Because problems such as anxiety, depression, and bipolar disorders can appear in late adolescence and early adulthood, a better understanding of brain development may help doctors offer therapies to treat these disorders.
“A basic understanding of the developmental trajectory of brain circuits may help identify sensitive developmental periods when clinicians can offer treatments to their patients,” says Dora Hermes, PhD, a Mayo Clinic biomedical engineer and senior author of the study.
The structural system of neural pathways in the brain or nervous system, called the human neural network, develops as people get older. But how structural changes affect the speed of nerve signals has not been well described.
“Just as the crossing time of a truck depends on the structure of the road, the speed of signal transmission between regions of the brain depends on the structure of the neural pathways,” explains Dr. Hermes. “The human neural network matures during development and aging, and can be affected by disease. All of these processes may affect the speed of information flow in the brain.” To measure the time it took for signals to travel between brain regions in 74 research participants between the ages of 4 and 51. The intracranial measurements were performed in a small group of patients who had electrodes implanted to monitor epilepsy at the University Medical Center Utrecht, the Netherlands.

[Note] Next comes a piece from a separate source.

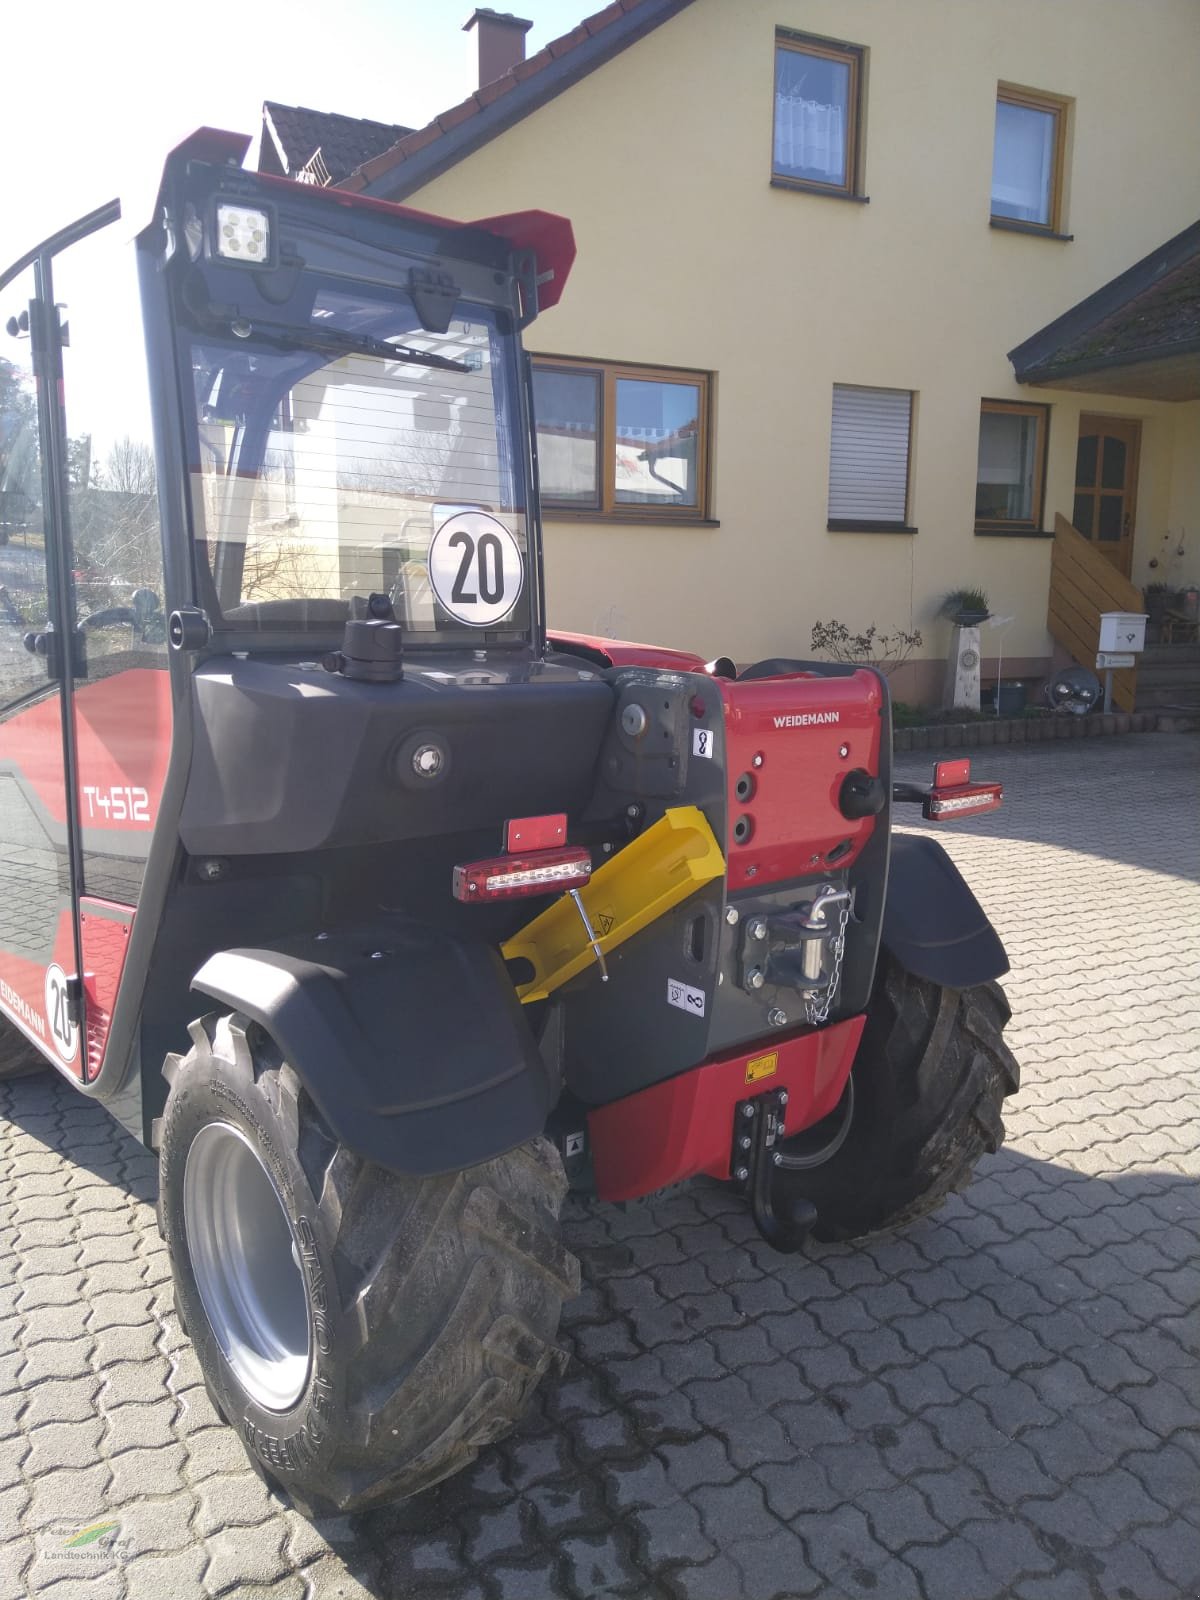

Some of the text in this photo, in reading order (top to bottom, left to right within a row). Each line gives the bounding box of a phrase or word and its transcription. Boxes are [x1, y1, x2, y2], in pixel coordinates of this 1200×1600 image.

[448, 531, 505, 605] 20
[773, 711, 840, 729] WEIDEMANN
[83, 786, 150, 822] T4512

Response delays in connected brain regions have shown that transmission speeds in the human brain increase throughout childhood and even into early adulthood. Their lifespan is around 30 to 40 years.
The team’s data indicates that adults’ transmission speeds were nearly twice as fast as those normally found in children. Transfer speeds were usually faster in people around the age of 30 or 40 than in teenagers.

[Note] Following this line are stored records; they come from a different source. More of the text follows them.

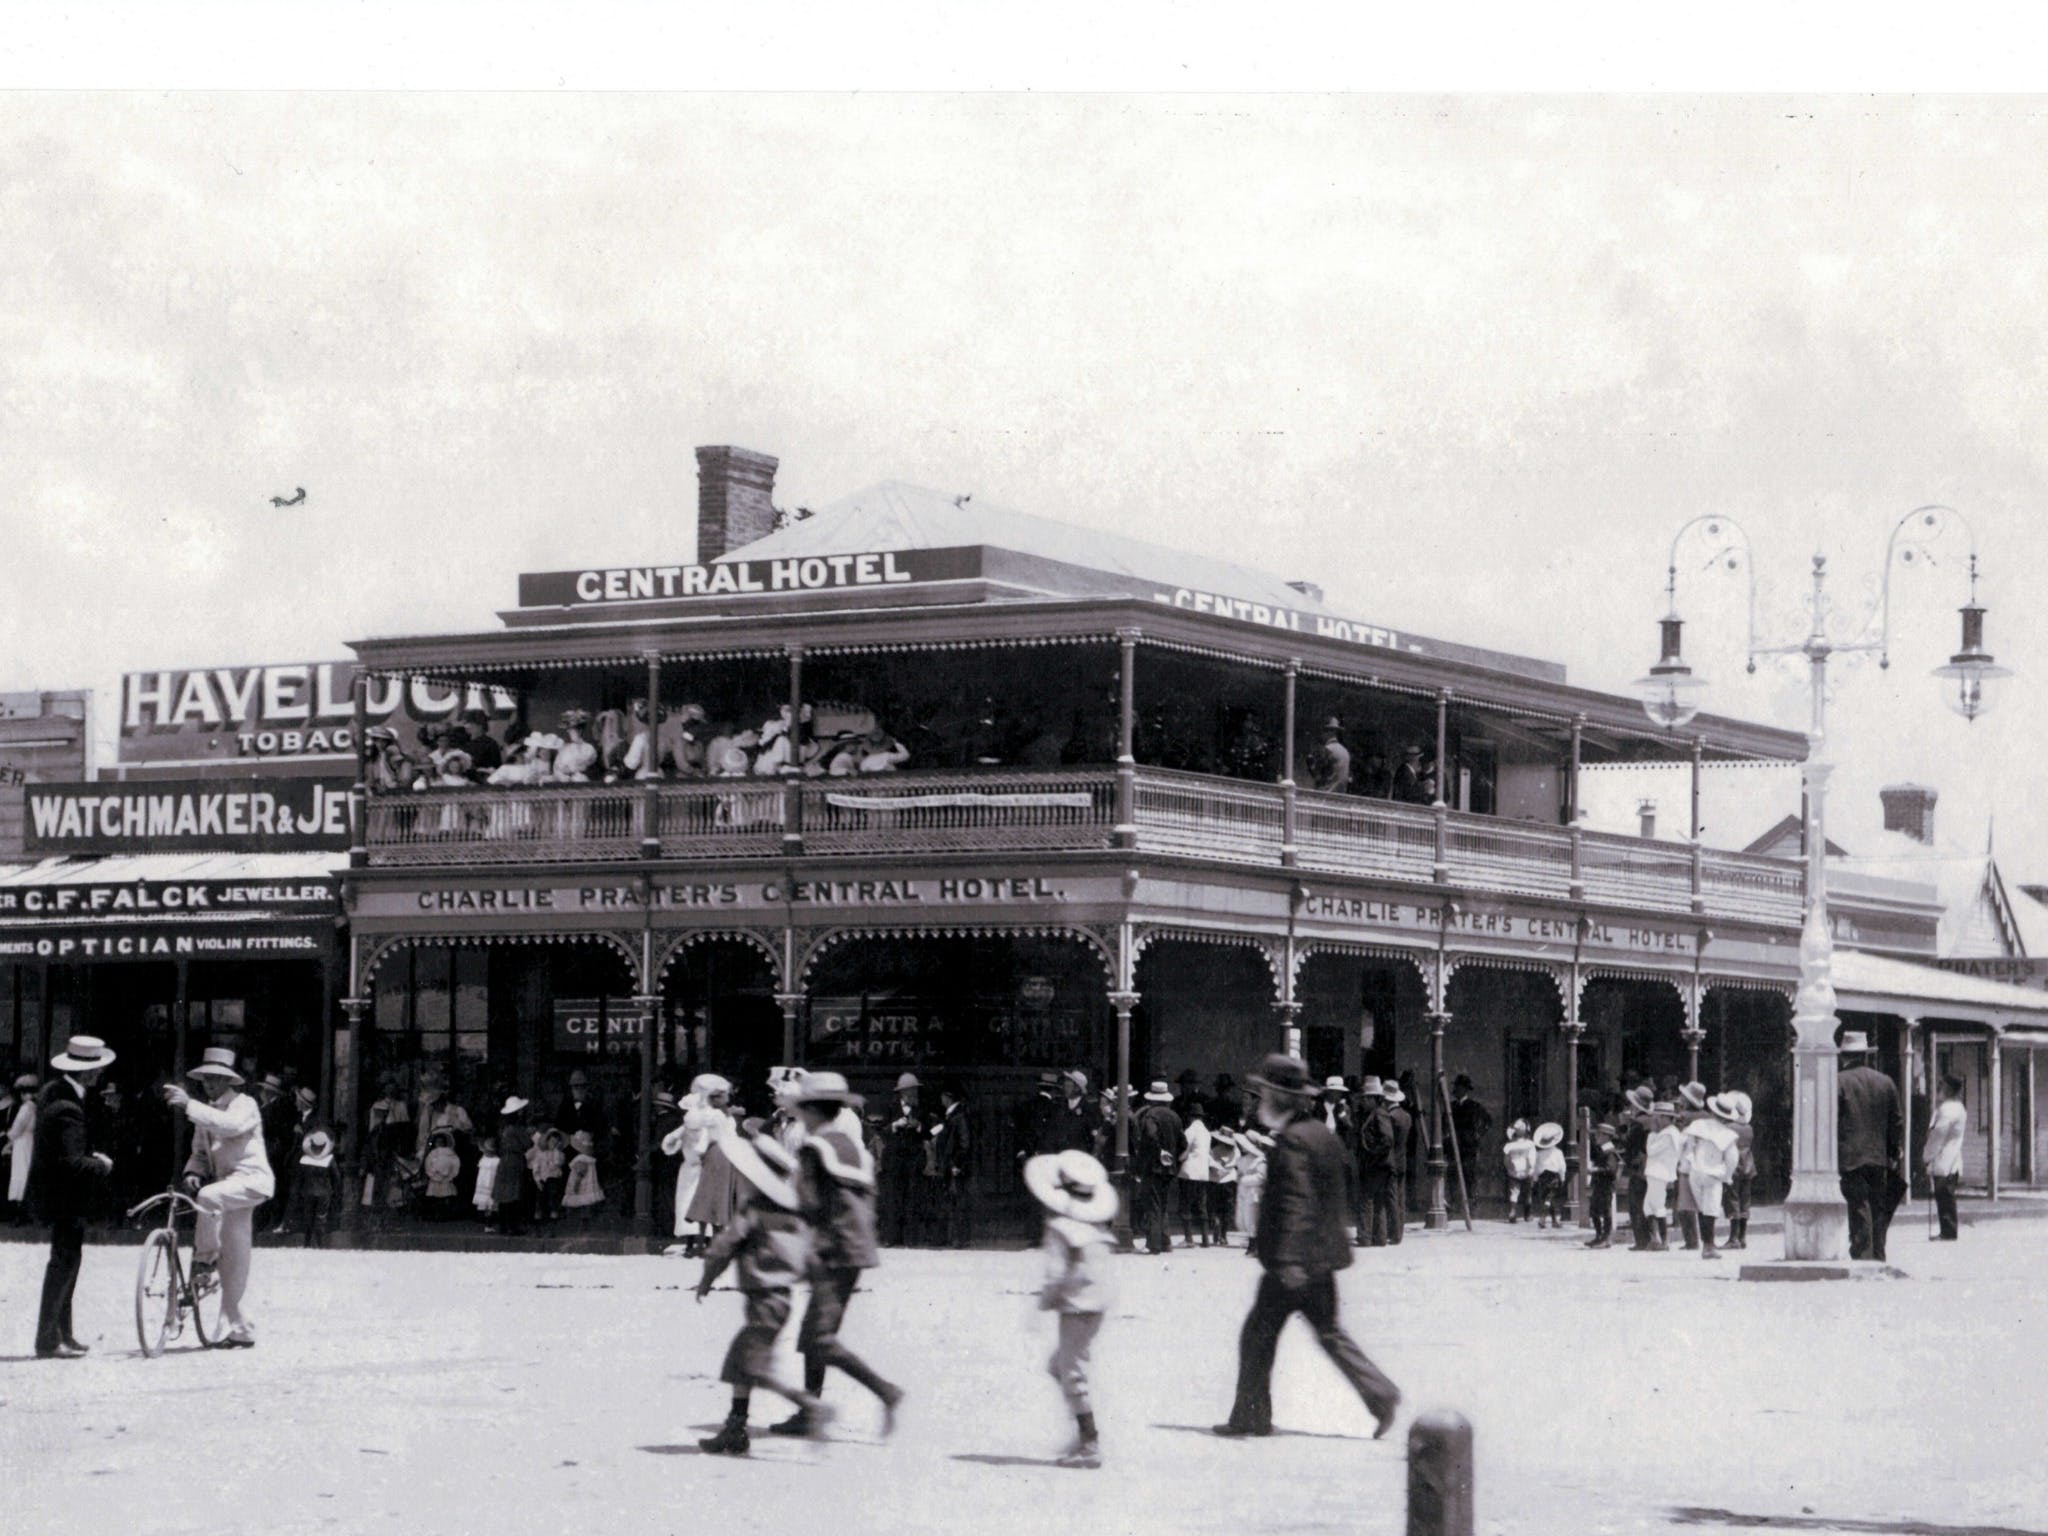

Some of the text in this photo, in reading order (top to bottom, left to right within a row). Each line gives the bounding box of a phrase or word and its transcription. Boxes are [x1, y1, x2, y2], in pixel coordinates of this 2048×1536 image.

[576, 552, 911, 601] CENTRAL HOTEL
[238, 727, 375, 752] TOBAC
[31, 793, 275, 839] WATCHMAKER
[296, 784, 356, 835] JE
[418, 888, 553, 910] CHARLIE
[762, 880, 918, 903] CENTRAL
[1306, 897, 1400, 921] CHARLIE
[1528, 918, 1612, 943] CENTAL
[37, 936, 192, 956] OPTICIAN
[196, 938, 242, 950] VIOLIN

Brain transmission speed is measured in milliseconds, which is a unit of time equal to one thousandth of a second. For example, the researchers measured the neural speed of a 4-year-old patient at 45 ms for the signal to travel from frontal to parietal regions of the brain. In a 38-year-old patient, the same trajectory was measured at 20 ms. For comparison, blinking takes about 100 to 400 milliseconds.
Researchers are working to characterize the electrical stimulation-driven connection in the human brain. One of the next steps is to better understand how transmission speeds change with neurological diseases. They collaborate with pediatric neurosurgeons and neurologists to understand how diseases alter transmission speeds compared to what would be considered within the normal range for a given age group.
The research is supported by the National Institute of Mental Health of the National Institutes of Health (R01MH122258).